さっそく、飛び出す率直な疑問。「なぜ、“利益”の追求が目的ではいけないのか?」
そう!これぞ、とことん議論してもらいたい課題の一つだ。社長は“利益”が出ないことを嘆き、愚痴をいう。銀行はじめ利害関係者だって“利益”にしか関心を示さない。現実が物語っている事実を、どう見るのか・・・・・。
確かに、「“利益”がなければ、企業の存続はあり得ない。存続してこそ、意味があるのではないか」
でも、「人は空気と水がなければ生きていけない。かといって、人間は空気と水のために生きているのではないよね・・・・・」 企業にとって、“利益”は空気や水と同じ。

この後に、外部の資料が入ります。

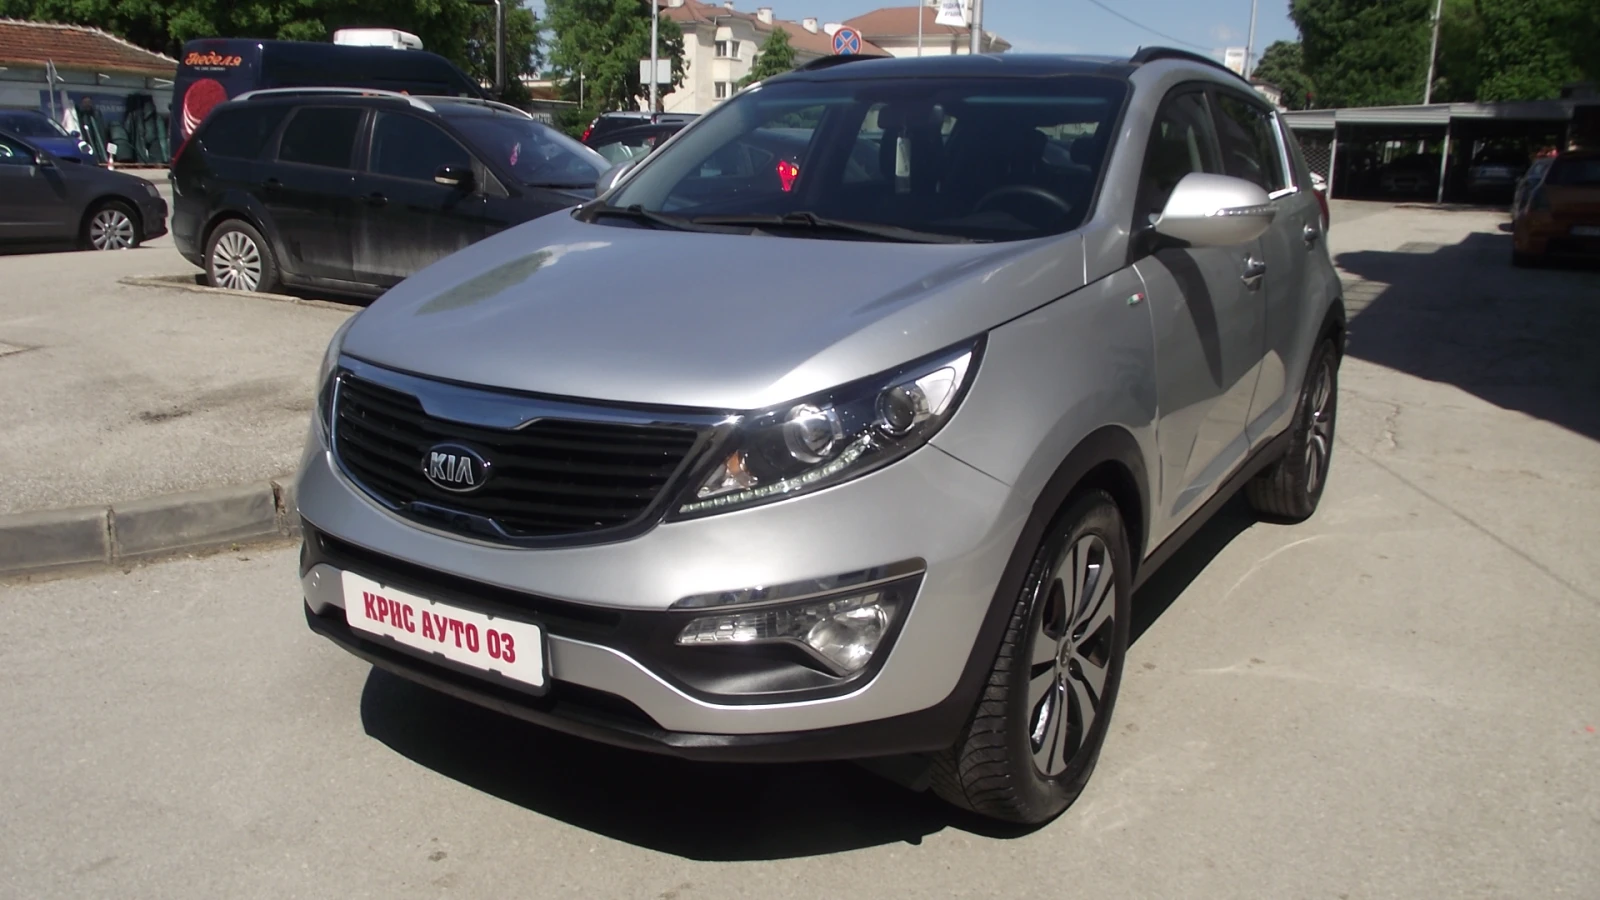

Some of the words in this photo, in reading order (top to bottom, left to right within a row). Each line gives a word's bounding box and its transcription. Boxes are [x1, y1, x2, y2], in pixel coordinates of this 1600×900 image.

[430, 451, 475, 485] KIA
[362, 591, 416, 634] КРИС
[422, 610, 480, 654] АУТО

「会社が利益のために活動しているのであれば、社員は何のために働くのか?給料のためだよね。給料はコスト、利益を出すためにはコストを削減する必要がある。
だとすれば、会社の目的と社員の目的は対立することになるよね・・・・・」 この矛盾をどう考えるのだろか。・・・・沈黙。

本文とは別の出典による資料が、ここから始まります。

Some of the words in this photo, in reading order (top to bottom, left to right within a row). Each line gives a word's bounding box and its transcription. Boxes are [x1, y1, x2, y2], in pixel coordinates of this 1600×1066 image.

そもそも“利益”の定義って何だろう?一定期間における収益と費用の差額、これが“利益”だと会計的に認識している。ところが、ドラッカーは、そんな“利益”を幻想だという。存在するのはコストであって、“利益”も然り。そして、“利益”の役割を次のように定義している。
① 成果の判断基準(成果のバロメーター)
② リスクに対する保険(顧客への責任)
③ 労働関係を整える(働く人への責任)
④ 社会に対する貢献(社会やコミュニティへの責任)
このように考えると、目先の“利益”にばかり気を取られ一喜一憂していてもしょうがないし、過去の実績の帳尻合わせの決算を組んでも、企業の実態は何も変わらないということである。
経営で大切なことは、ゴーイングコンサーン。将来にわたり価値を創造し続けていくことである。“利益”は、未来創造のためのコストである。ゆえに、“利益”の目標は最大ではなく、最適。自社にとっての必要最小限の“利益”を見定める必要がある。